**Given data:**
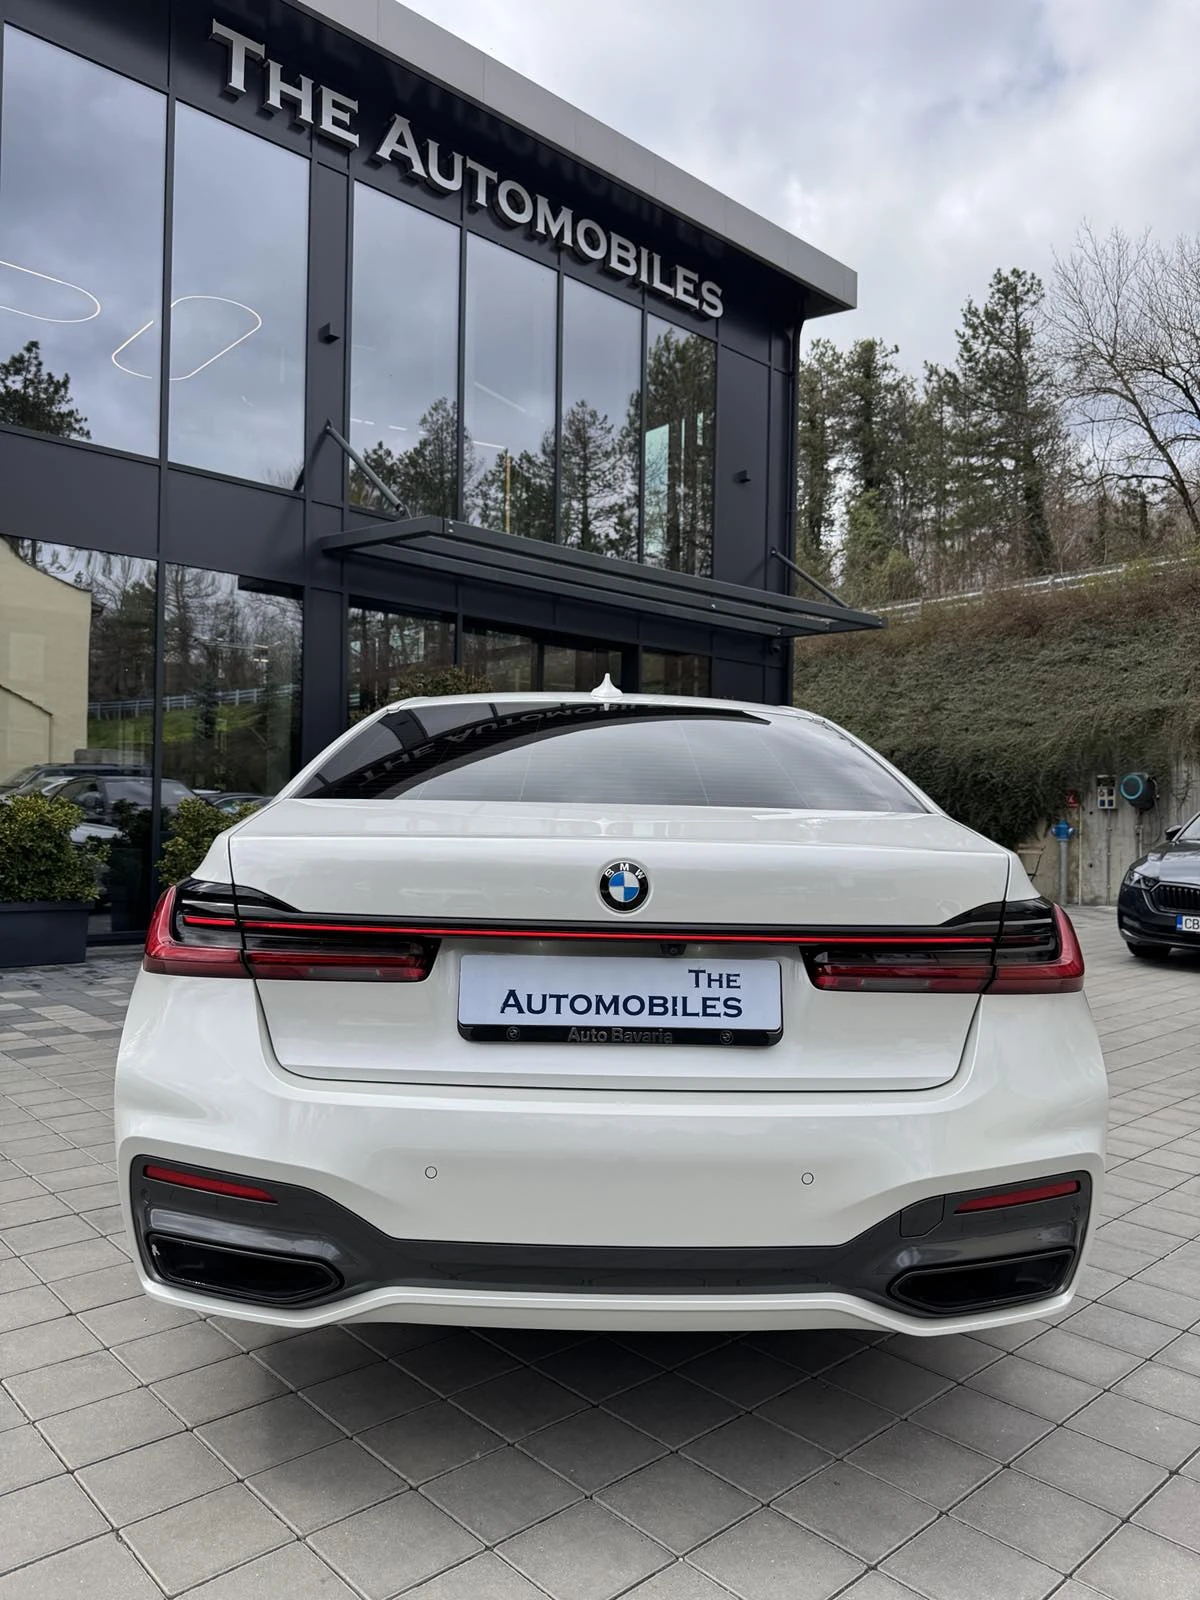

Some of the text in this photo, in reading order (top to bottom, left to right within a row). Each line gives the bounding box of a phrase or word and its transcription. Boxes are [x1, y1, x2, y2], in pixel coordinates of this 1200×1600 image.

[210, 19, 360, 150] THE
[374, 113, 725, 319] AUTOMOBILES
[605, 863, 645, 879] BMW
[688, 968, 742, 989] THE
[500, 989, 743, 1018] AUTOMOBILES
[567, 1026, 673, 1044] Auto Bavaria
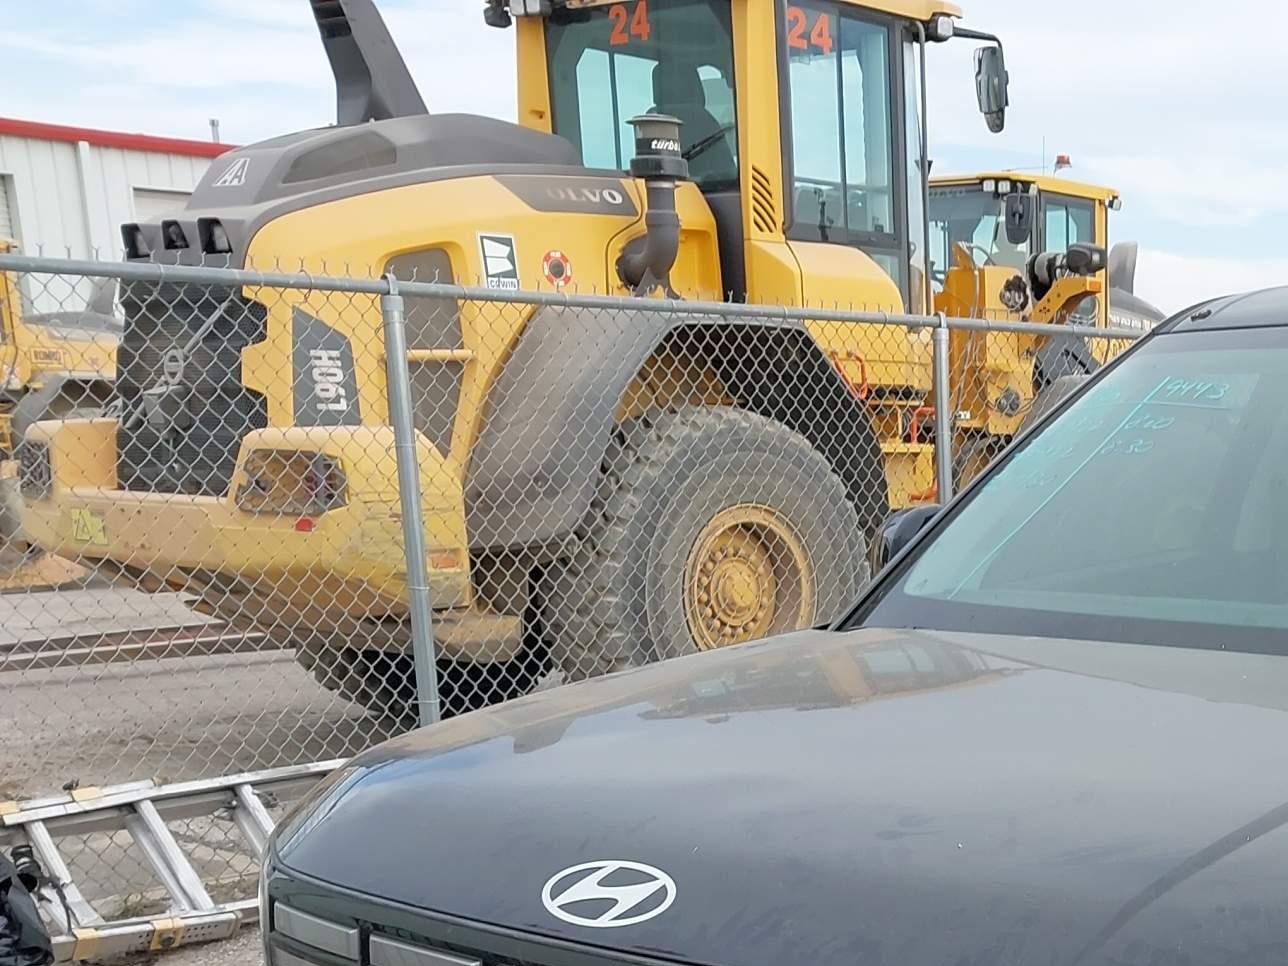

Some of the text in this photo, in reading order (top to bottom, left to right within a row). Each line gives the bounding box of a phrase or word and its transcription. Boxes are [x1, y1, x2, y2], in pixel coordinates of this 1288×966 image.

[608, 0, 651, 45] 24
[785, 6, 833, 55] 24
[545, 186, 624, 205] OLVO
[309, 349, 348, 411] L90H
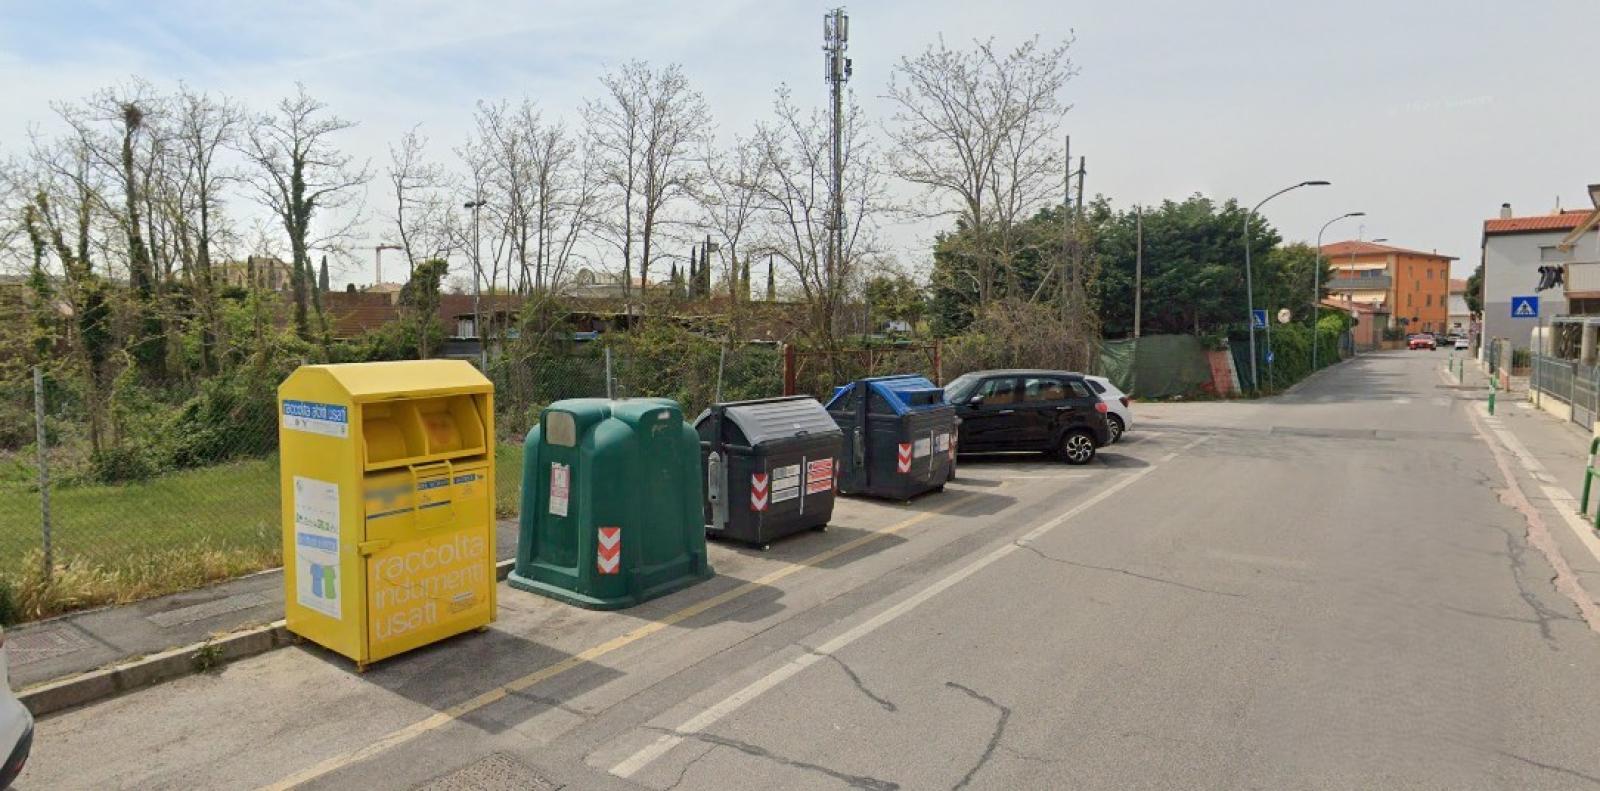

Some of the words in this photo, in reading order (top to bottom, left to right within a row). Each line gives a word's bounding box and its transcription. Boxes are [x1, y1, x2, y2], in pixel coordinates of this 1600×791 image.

[375, 533, 485, 580] raccolta
[376, 562, 485, 610] indumenti
[376, 601, 437, 640] usati
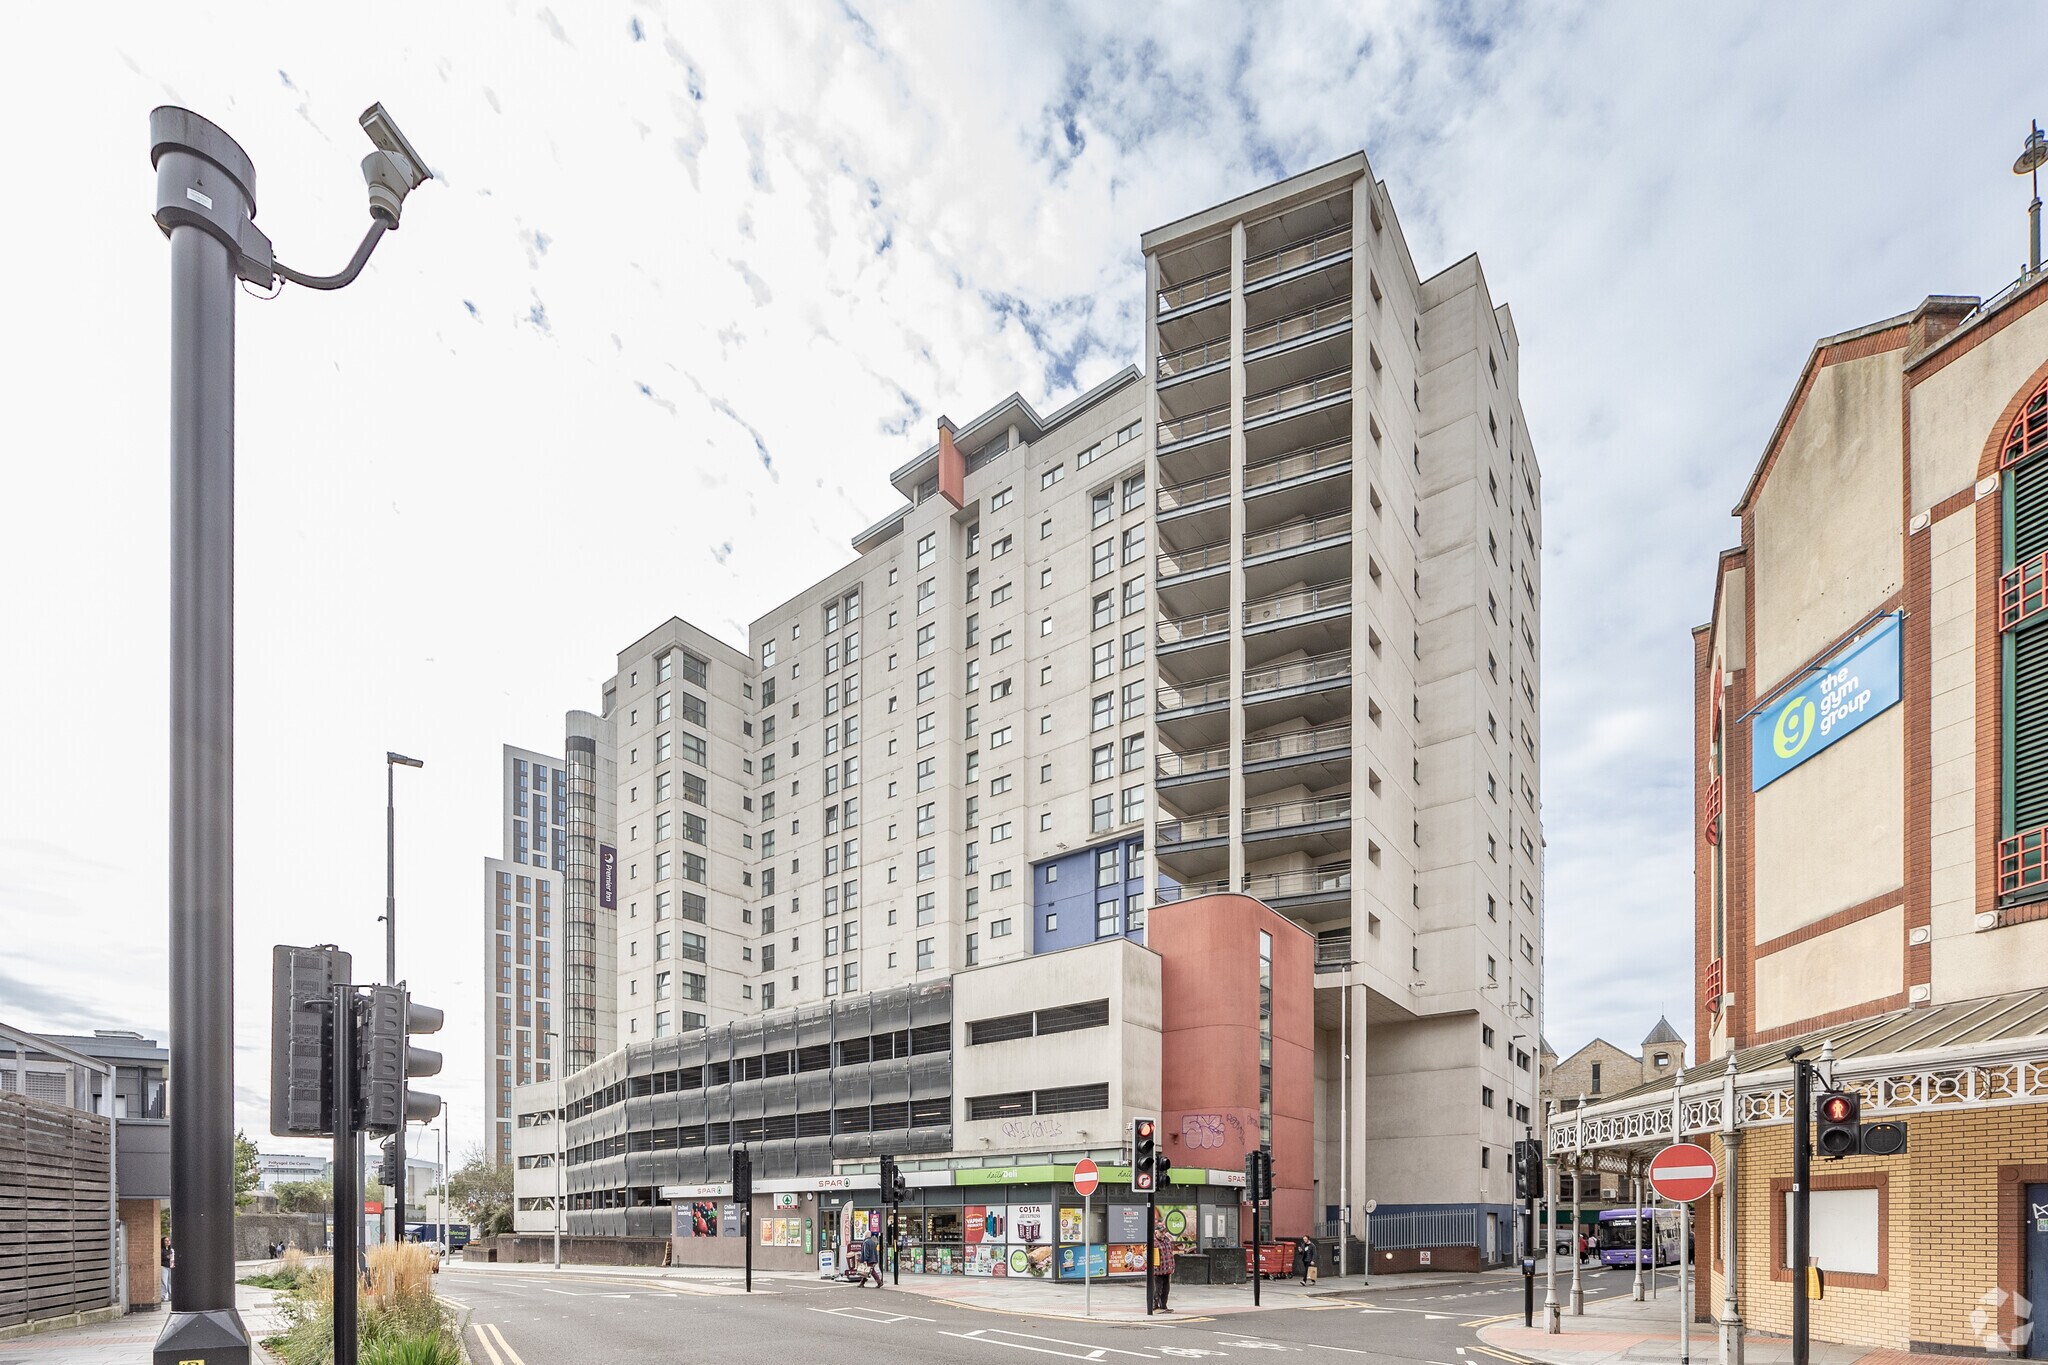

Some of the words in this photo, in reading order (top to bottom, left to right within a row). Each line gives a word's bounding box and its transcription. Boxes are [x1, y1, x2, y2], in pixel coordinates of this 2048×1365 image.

[1820, 667, 1849, 694] the
[1820, 676, 1859, 716] gym
[1820, 689, 1871, 736] group
[605, 864, 613, 891] Premier
[818, 1179, 843, 1188] SPAR
[986, 1171, 1004, 1183] daily
[1003, 1169, 1018, 1178] Deli
[697, 1187, 716, 1195] SPAR
[1019, 1206, 1041, 1214] COSTA

**Problem:** If an entry contains an image, skip the image and return the rest of the listing unchanged.

**Solution to this problem:**
Some of the text in this photo, in reading order (top to bottom, left to right within a row). Each line gives the bounding box of a phrase or word and its transcription. Boxes are [x1, y1, x2, y2], in pixel coordinates of this 1200×1600 image.

[210, 19, 360, 150] THE
[374, 113, 725, 319] AUTOMOBILES
[605, 863, 645, 879] BMW
[688, 968, 742, 989] THE
[500, 989, 743, 1018] AUTOMOBILES
[567, 1026, 673, 1044] Auto Bavaria

Some of the text in this photo, in reading order (top to bottom, left to right within a row). Each line gives the bounding box of a phrase or word and its transcription. Boxes are [x1, y1, x2, y2], in pixel coordinates of this 1288×966 image.

[608, 0, 651, 45] 24
[785, 6, 833, 55] 24
[545, 186, 624, 205] OLVO
[309, 349, 348, 411] L90H

Some of the words in this photo, in reading order (top to bottom, left to right within a row). Each line gives a word's bounding box and its transcription. Boxes are [x1, y1, x2, y2], in pixel coordinates of this 1600×791 image.

[375, 533, 485, 580] raccolta
[376, 562, 485, 610] indumenti
[376, 601, 437, 640] usati

Some of the words in this photo, in reading order (top to bottom, left to right within a row). Each line gives a word's bounding box and its transcription. Boxes are [x1, y1, x2, y2], in pixel coordinates of this 2048×1365 image.

[1820, 667, 1849, 694] the
[1820, 676, 1859, 716] gym
[1820, 689, 1871, 736] group
[605, 864, 613, 891] Premier
[818, 1179, 843, 1188] SPAR
[986, 1171, 1004, 1183] daily
[1003, 1169, 1018, 1178] Deli
[697, 1187, 716, 1195] SPAR
[1019, 1206, 1041, 1214] COSTA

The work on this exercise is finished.